I need to pivot more than one column in a pyspark dataframe. Sample dataframe,
>>> d = [(100,1,23,10),(100,2,45,11),(100,3,67,12),(100,4,78,13),(101,1,23,10),(101,2,45,13),(101,3,67,14),(101,4,78,15),(102,1,23,10),(102,2,45,11),(102,3,67,16),(102,4,78,18)]
>>> mydf = spark.createDataFrame(d,['id','day','price','units'])
>>> mydf.show()
+---+---+-----+-----+
| id|day|price|units|
+---+---+-----+-----+
|100| 1| 23| 10|
|100| 2| 45| 11|
|100| 3| 67| 12|
|100| 4| 78| 13|
|101| 1| 23| 10|
|101| 2| 45| 13|
|101| 3| 67| 14|
|101| 4| 78| 15|
|102| 1| 23| 10|
|102| 2| 45| 11|
|102| 3| 67| 16|
|102| 4| 78| 18|
+---+---+-----+-----+
Now,if I need to get price column into a row for each id based on day, then I can use pivot method as,
>>> pvtdf = mydf.withColumn('combcol',F.concat(F.lit('price_'),mydf['day'])).groupby('id').pivot('combcol').agg(F.first('price'))
>>> pvtdf.show()
+---+-------+-------+-------+-------+
| id|price_1|price_2|price_3|price_4|
+---+-------+-------+-------+-------+
|100| 23| 45| 67| 78|
|101| 23| 45| 67| 78|
|102| 23| 45| 67| 78|
+---+-------+-------+-------+-------+
so when I need units column as well to be transposed as price, either I got to create one more dataframe as above for units and then join both using id.But, when I have more columns as such, I tried a function to do it,
>>> def pivot_udf(df,*cols):
... mydf = df.select('id').drop_duplicates()
... for c in cols:
... mydf = mydf.join(df.withColumn('combcol',F.concat(F.lit('{}_'.format(c)),df['day'])).groupby('id').pivot('combcol').agg(F.first(c)),'id')
... return mydf
...
>>> pivot_udf(mydf,'price','units').show()

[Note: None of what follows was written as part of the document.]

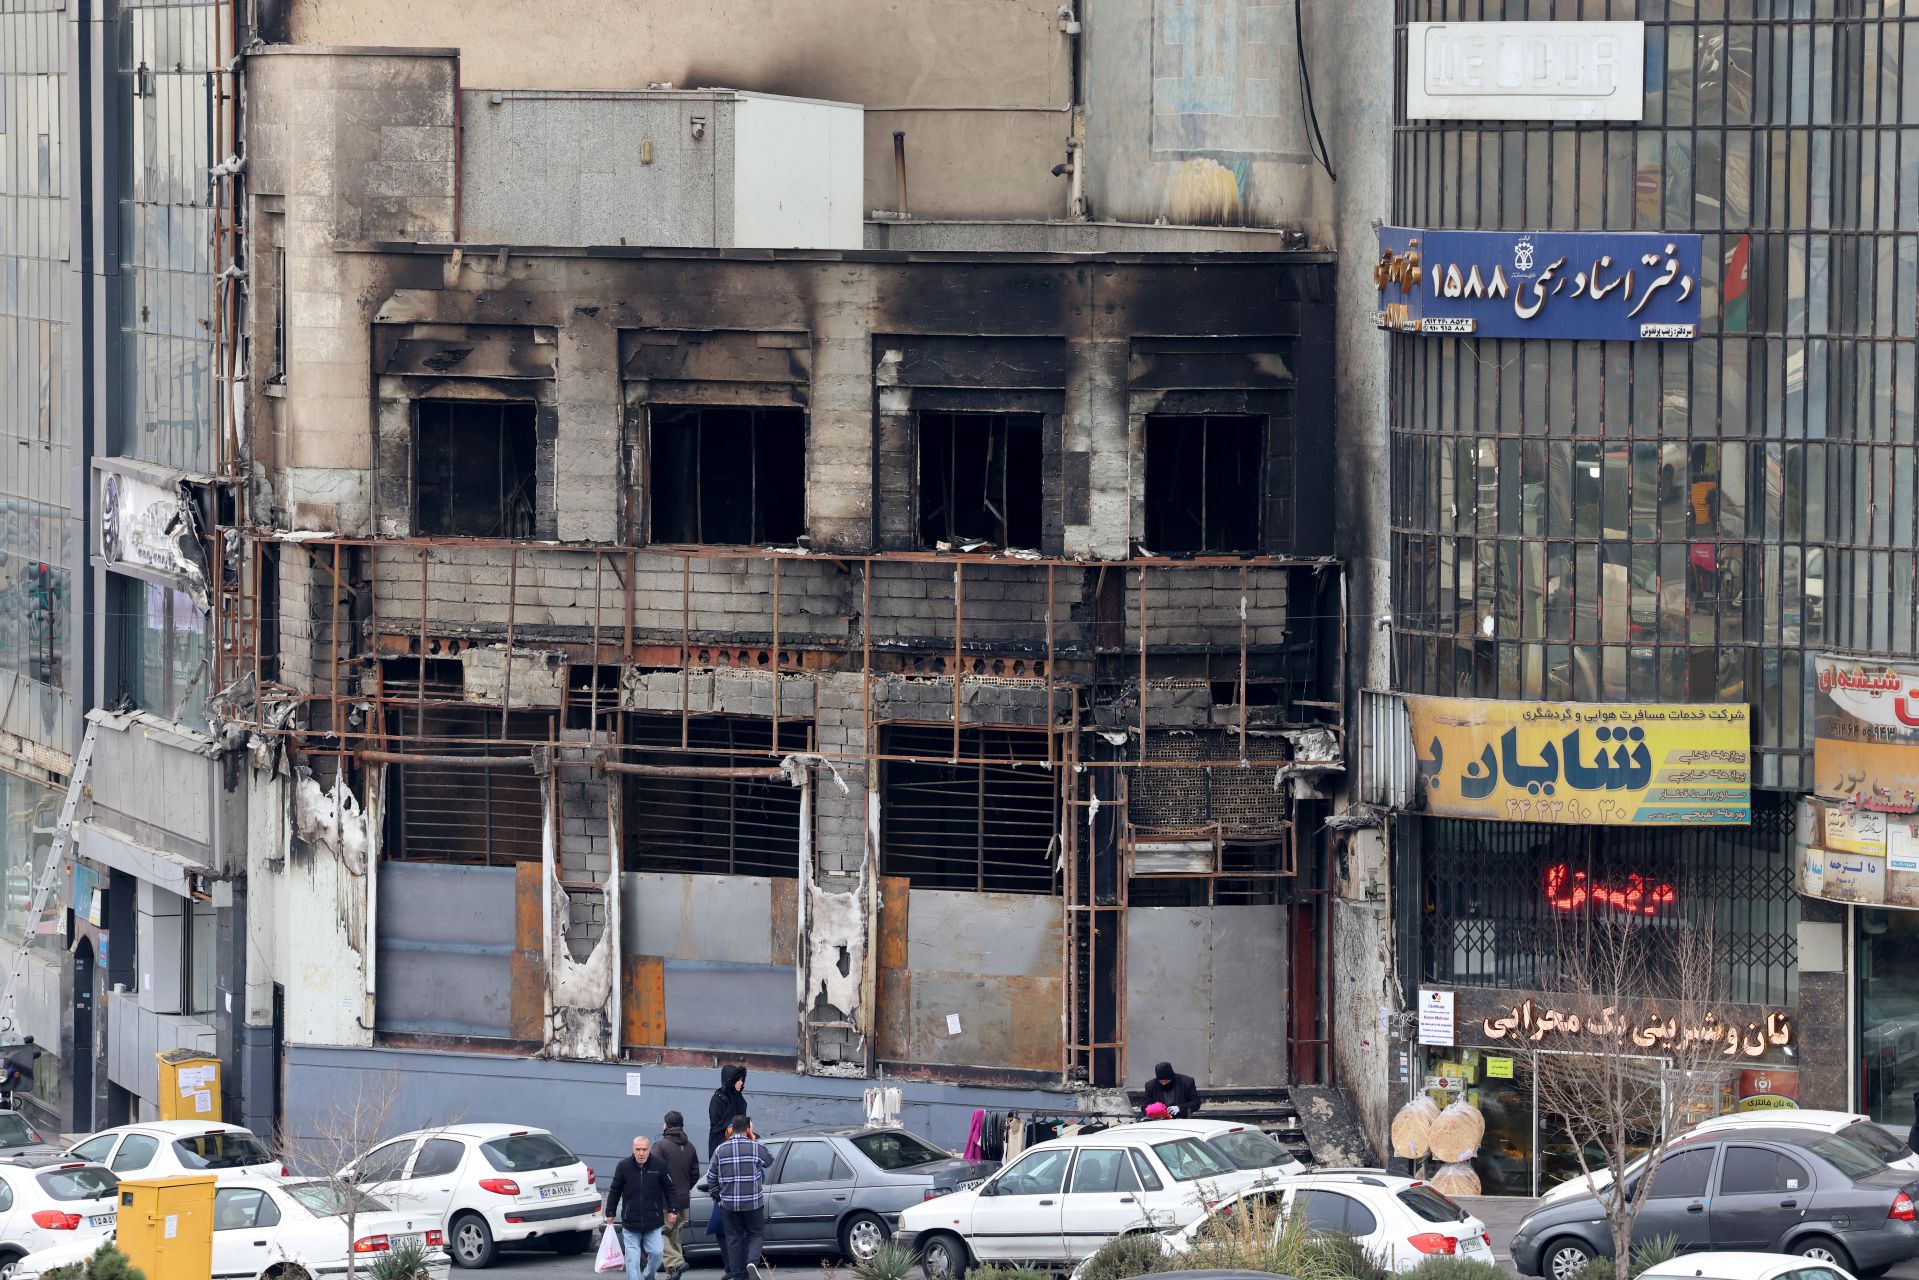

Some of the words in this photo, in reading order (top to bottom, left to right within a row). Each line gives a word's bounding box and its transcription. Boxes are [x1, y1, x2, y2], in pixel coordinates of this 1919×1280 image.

+---+-------+-------+-------+-------+-------+-------+-------+-------+
| id|price_1|price_2|price_3|price_4|units_1|units_2|units_3|units_4|
+---+-------+-------+-------+-------+-------+-------+-------+-------+
|100| 23| 45| 67| 78| 10| 11| 12| 13|
|101| 23| 45| 67| 78| 10| 13| 14| 15|
|102| 23| 45| 67| 78| 10| 11| 16| 18|
+---+-------+-------+-------+-------+-------+-------+-------+-------+
Need suggestions on ,if it is good practice to do so and if any other better way of doing it. Thanks in advance!